ECB mulls tougher bank loan rules
Central bank weighs whether to demand more information from lenders about collateral
European Central Bank officials were considering new rules that would require banks to give more information about loans used as collateral for borrowing from the institution, a person with knowledge of the situation said.
The ECB wanted to stop lenders taking advantage of the lower burden of information it demanded on loans compared with asset-backed securities, the person said. Officials were still working on the proposals for improving their ability to value the so-called non-marketable assets, the person said.
Loans, credit claims and deposits used as collateral for borrowing from the ECB soared 60 per cent to an average of €668.4 billion (HK$6.89 trillion) in the third quarter of last year, the central bank said, accounting for 27 per cent of the €2.52 trillion of collateral posted. That's more than any other guarantee type and compares with €371.7 billion of asset-backed debt.
"It makes sense to demand that loans face the same, or even higher, disclosure levels as asset-backed securities," DZ Bank debt trader Dalibor Jarnevic said. "By accepting loans, the ECB helped banks with serious liquidity needs to fund themselves."
The Eurosystem was continuously working on improving its collateral framework, with one aim being higher transparency standards for various assets, an ECB official said.
The ECB broadened the types of credit that national banks in seven countries of the euro region can accept as collateral last February in an attempt to reduce stress during the height of the debt crisis.
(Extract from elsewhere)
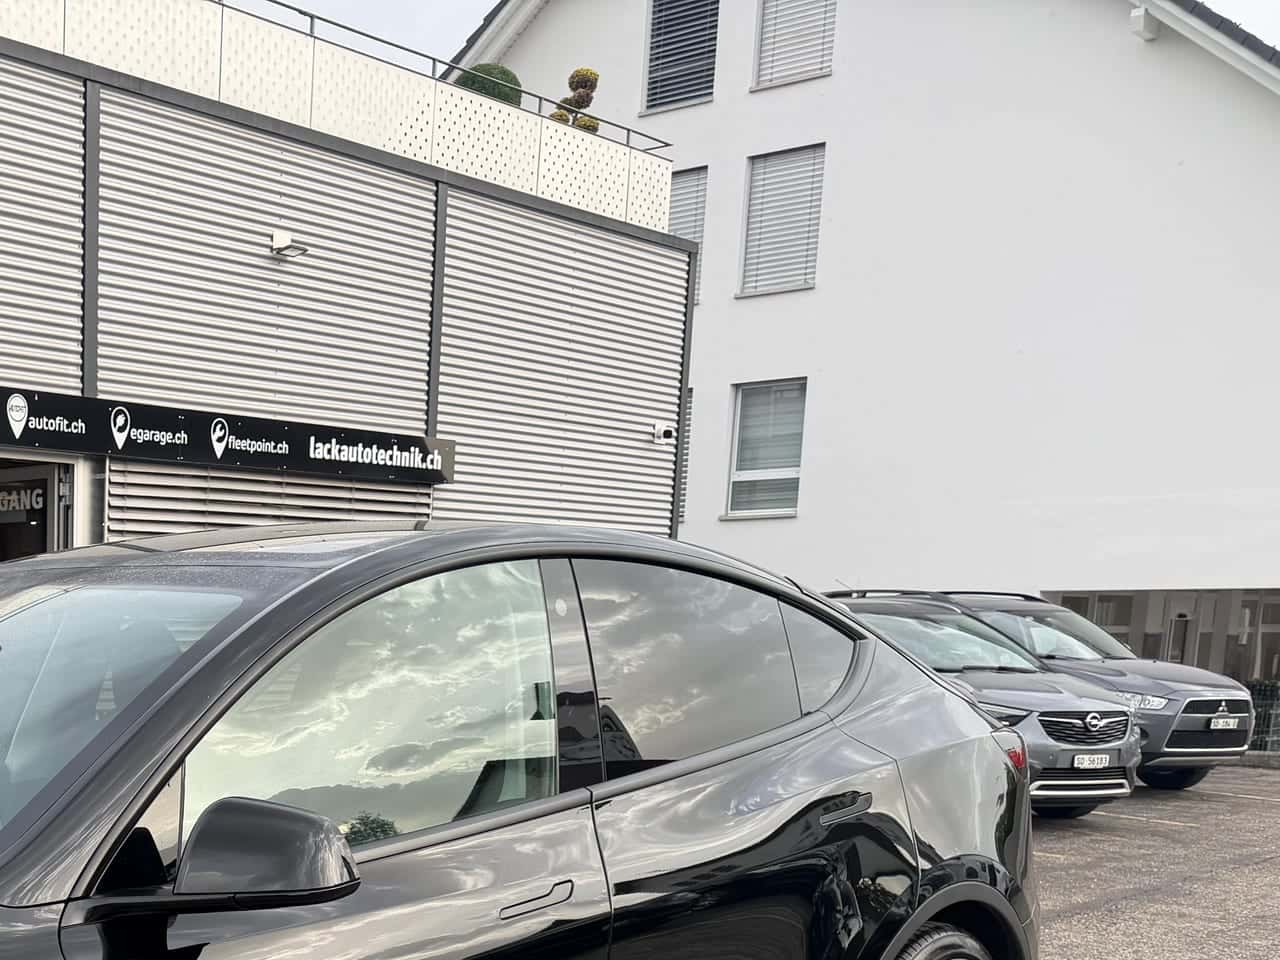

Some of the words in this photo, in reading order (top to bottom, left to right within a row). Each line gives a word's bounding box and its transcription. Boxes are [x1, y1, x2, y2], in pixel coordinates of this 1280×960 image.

[27, 414, 86, 435] autofit.ch
[129, 428, 189, 448] egarage.ch
[228, 435, 290, 455] fleetpoint.ch
[308, 435, 442, 471] lackautotechnik.ch
Increased disclosure demands were being considered because the ECB sought to avoid arbitrage with the collateral rules, the person familiar with the plans said. By pledging unpackaged pools of loans, they can sidestep the higher levels of information required for asset-backed securities, the person said.
Banks create asset-backed securities by bundling loans into bonds that are sold to investors or pledged as collateral for central bank funding.
Separately, the ECB said last week that it was also tightening controls after the national banks of France and Spain applied smaller-than-usual discounts on collateral posted by lenders.
"We take these incidents very, very seriously," ECB president Mario Draghi said. The central bank was creating a data-quality compliance network to monitor national banks' controls, he said.
Elsewhere in credit markets, Goldman Sachs Group issued US$6 billion of bonds in its biggest offering. Zoetis, the animal medicine provider that Pfizer is planning to spin off in an initial public offering, sold US$3.65 billion of debt in its debut issue. Bank of America was said to have raised an US$827.5 million collateralised loan obligation to be managed by Symphony Asset Management.
The US two-year interest-rate swap spread, a measure of debt-market stress, decreased 0.08 basis point to 12.92 basis points. The gauge narrows when investors favour assets such as corporate bonds and widens when they seek the perceived safety of government securities.